Set down each line of the data below exactly as it stands, dropping the pictures.

WORKING DATA:
=====

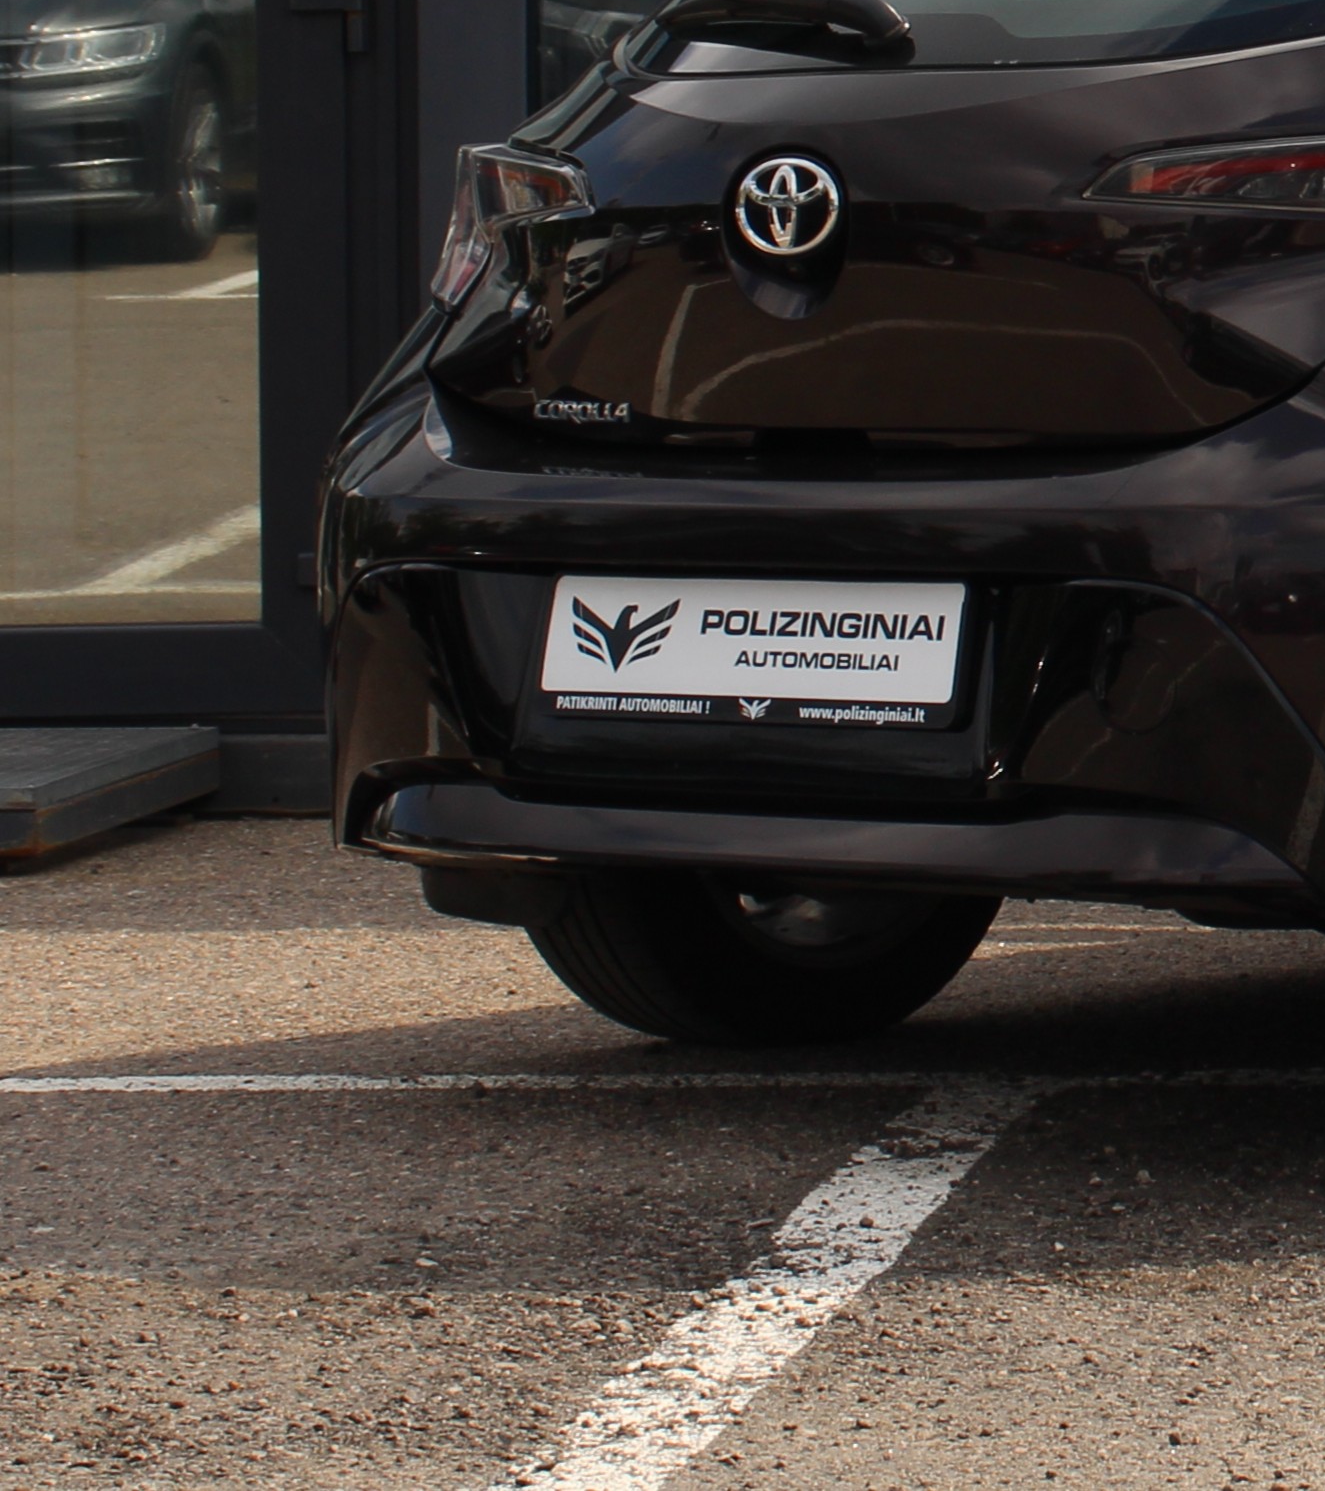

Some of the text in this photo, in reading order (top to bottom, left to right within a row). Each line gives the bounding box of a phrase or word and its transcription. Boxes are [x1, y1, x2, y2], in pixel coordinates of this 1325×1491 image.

[534, 399, 631, 424] COROLLA
[700, 609, 945, 641] POLIZINGINIAI
[734, 651, 899, 671] AUTOMOBILIAI
[556, 695, 618, 712] PATIKRINTI
[619, 697, 703, 714] AUTOMOBILIAI
[798, 705, 925, 724] www.polizinginiai.lt
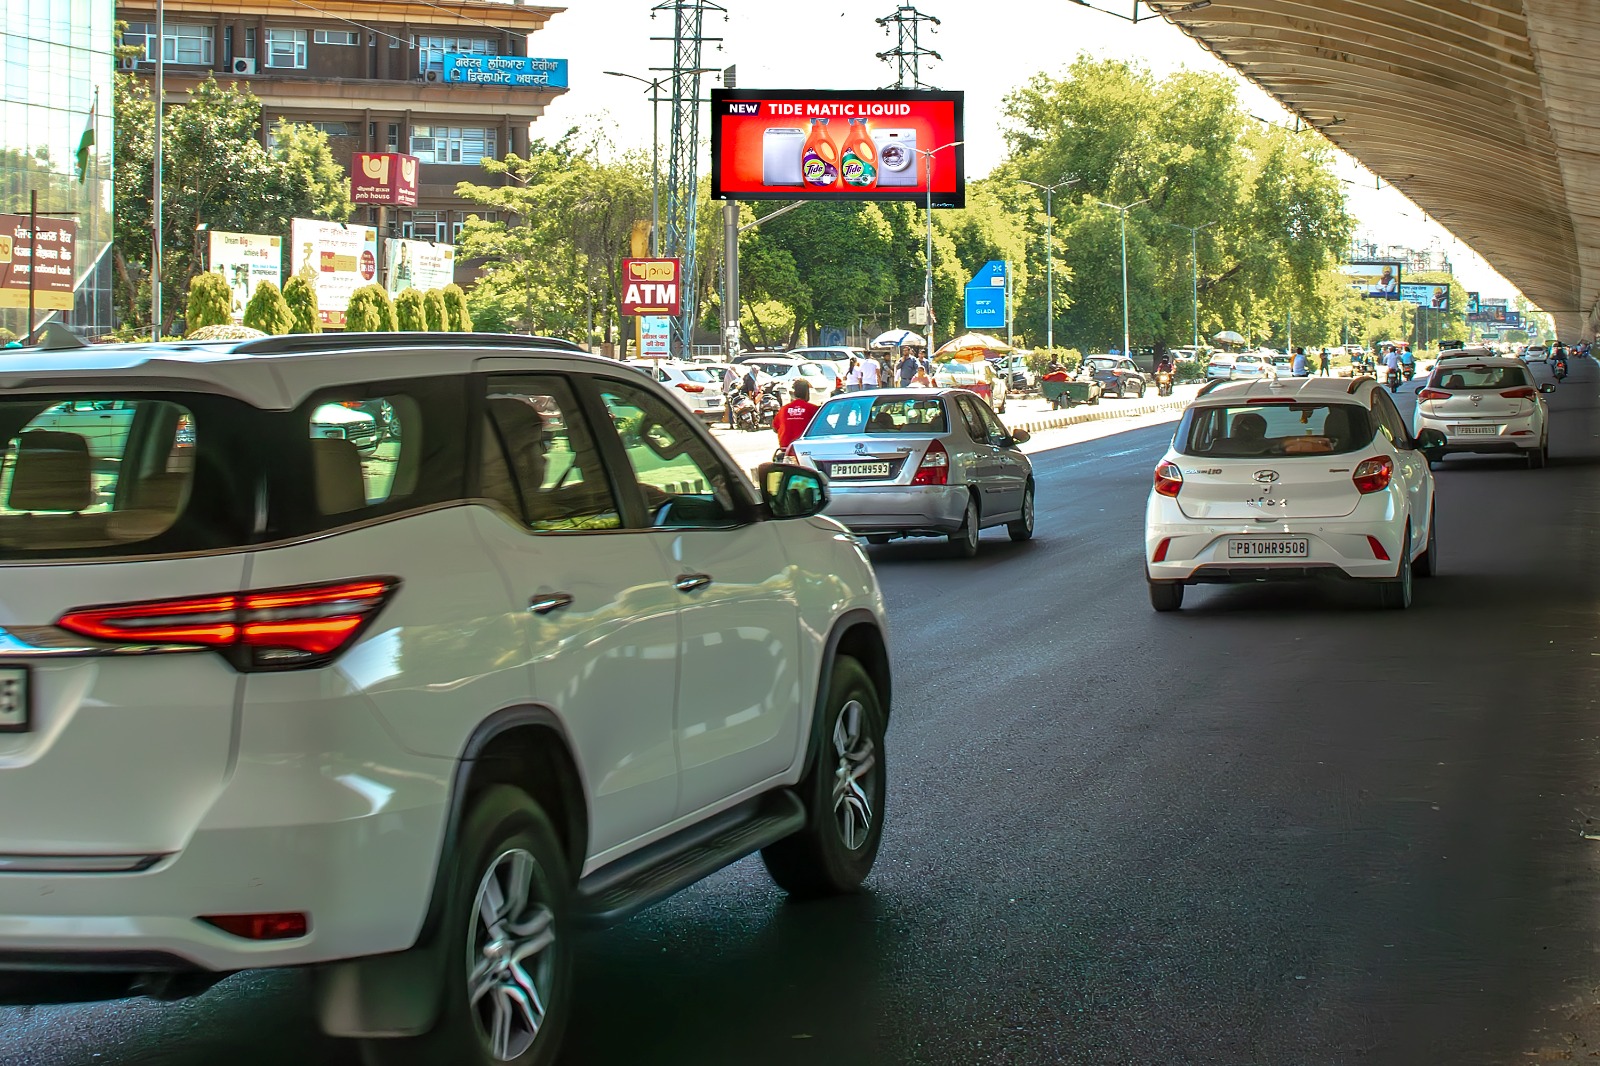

=====

WRITTEN ANSWER:
Some of the text in this photo, in reading order (top to bottom, left to right within a row). Each line gives the bounding box of a phrase or word and its transcription. Boxes are [x1, y1, x2, y2], in pixel coordinates of this 1325×1491 image.

[534, 399, 631, 424] COROLLA
[700, 609, 945, 641] POLIZINGINIAI
[734, 651, 899, 671] AUTOMOBILIAI
[556, 695, 618, 712] PATIKRINTI
[619, 697, 703, 714] AUTOMOBILIAI
[798, 705, 925, 724] www.polizinginiai.lt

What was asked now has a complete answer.